### [Work order]
Return all the entries exactly. No pictures.

### [Available data]
◇ ◇ ◇ ◇ ◇ ◇ ◇

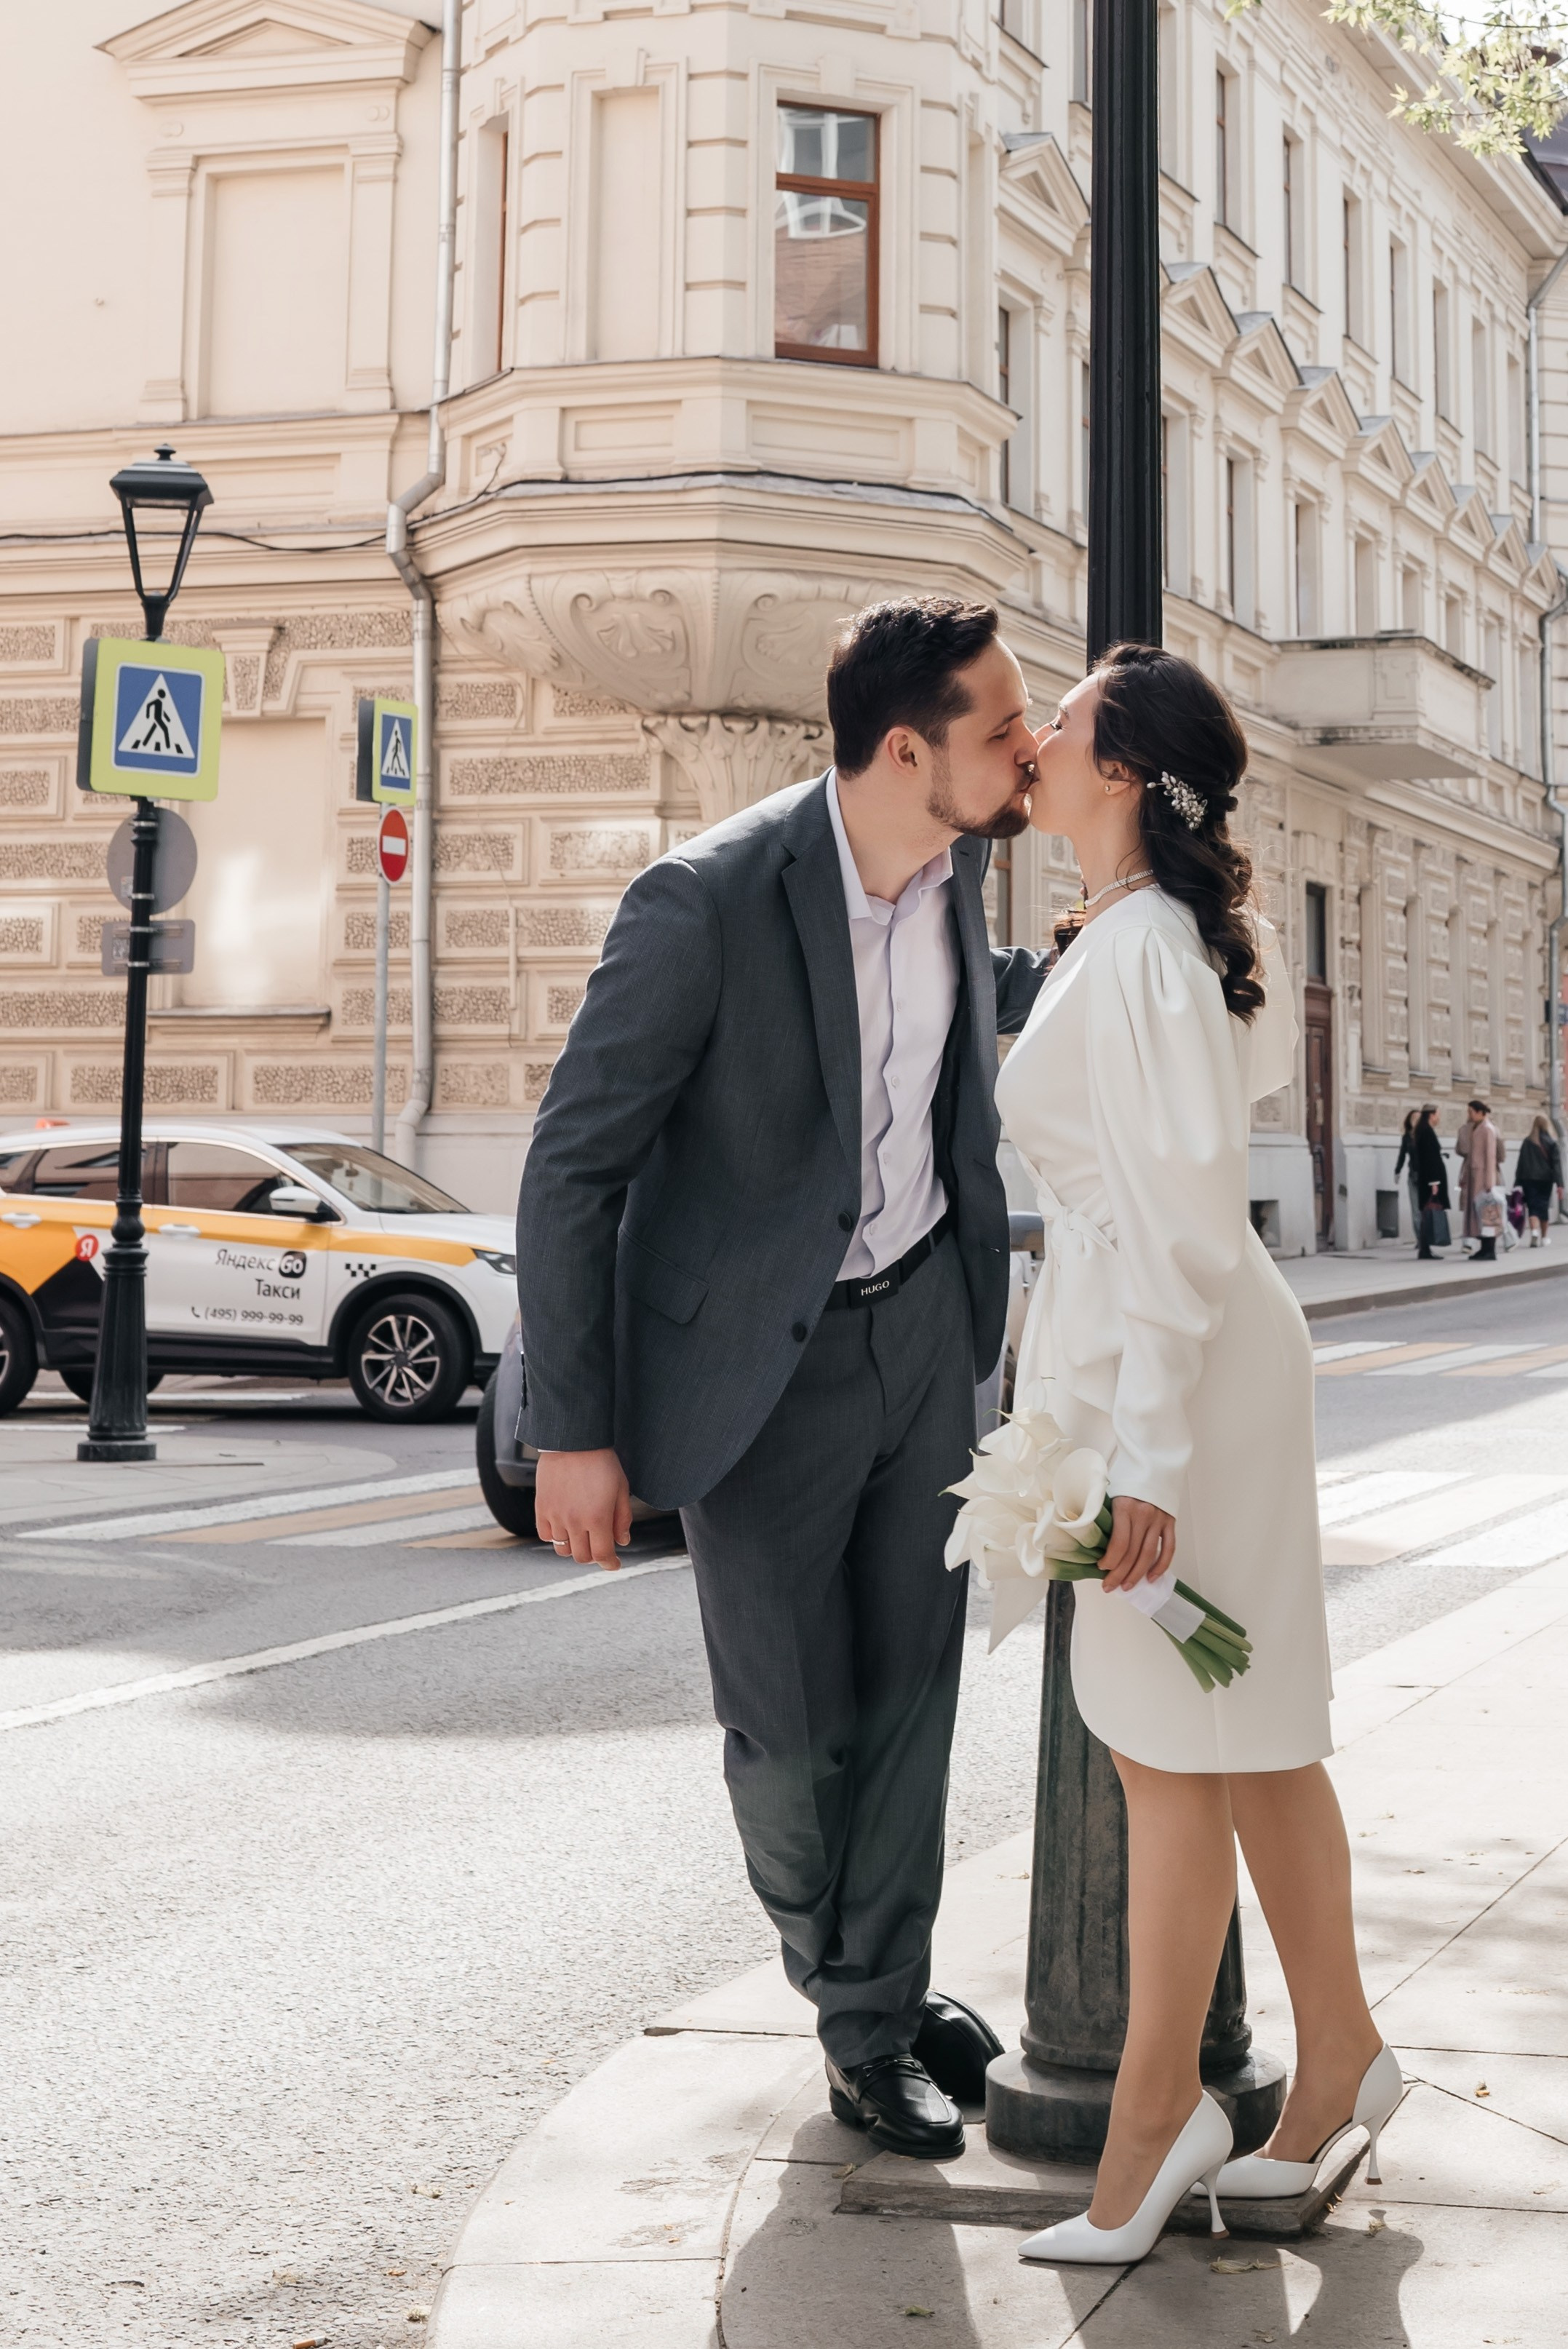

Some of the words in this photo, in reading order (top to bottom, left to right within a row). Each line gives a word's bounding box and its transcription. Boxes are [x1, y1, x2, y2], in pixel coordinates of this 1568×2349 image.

[80, 1239, 94, 1257] Я
[216, 1249, 275, 1271] Яндекс
[280, 1255, 304, 1273] Go
[255, 1279, 301, 1300] Такси
[862, 1281, 890, 1296] HUGO
[204, 1307, 237, 1321] (495)
[241, 1310, 303, 1325] 999-99-99

◇ ◇ ◇ ◇ ◇ ◇ ◇

### [Your response]
Some of the words in this photo, in reading order (top to bottom, left to right within a row). Each line gives a word's bounding box and its transcription. Boxes are [x1, y1, x2, y2], in pixel coordinates of this 1568×2349 image.

[80, 1239, 94, 1257] Я
[216, 1249, 275, 1271] Яндекс
[280, 1255, 304, 1273] Go
[255, 1279, 301, 1300] Такси
[862, 1281, 890, 1296] HUGO
[204, 1307, 237, 1321] (495)
[241, 1310, 303, 1325] 999-99-99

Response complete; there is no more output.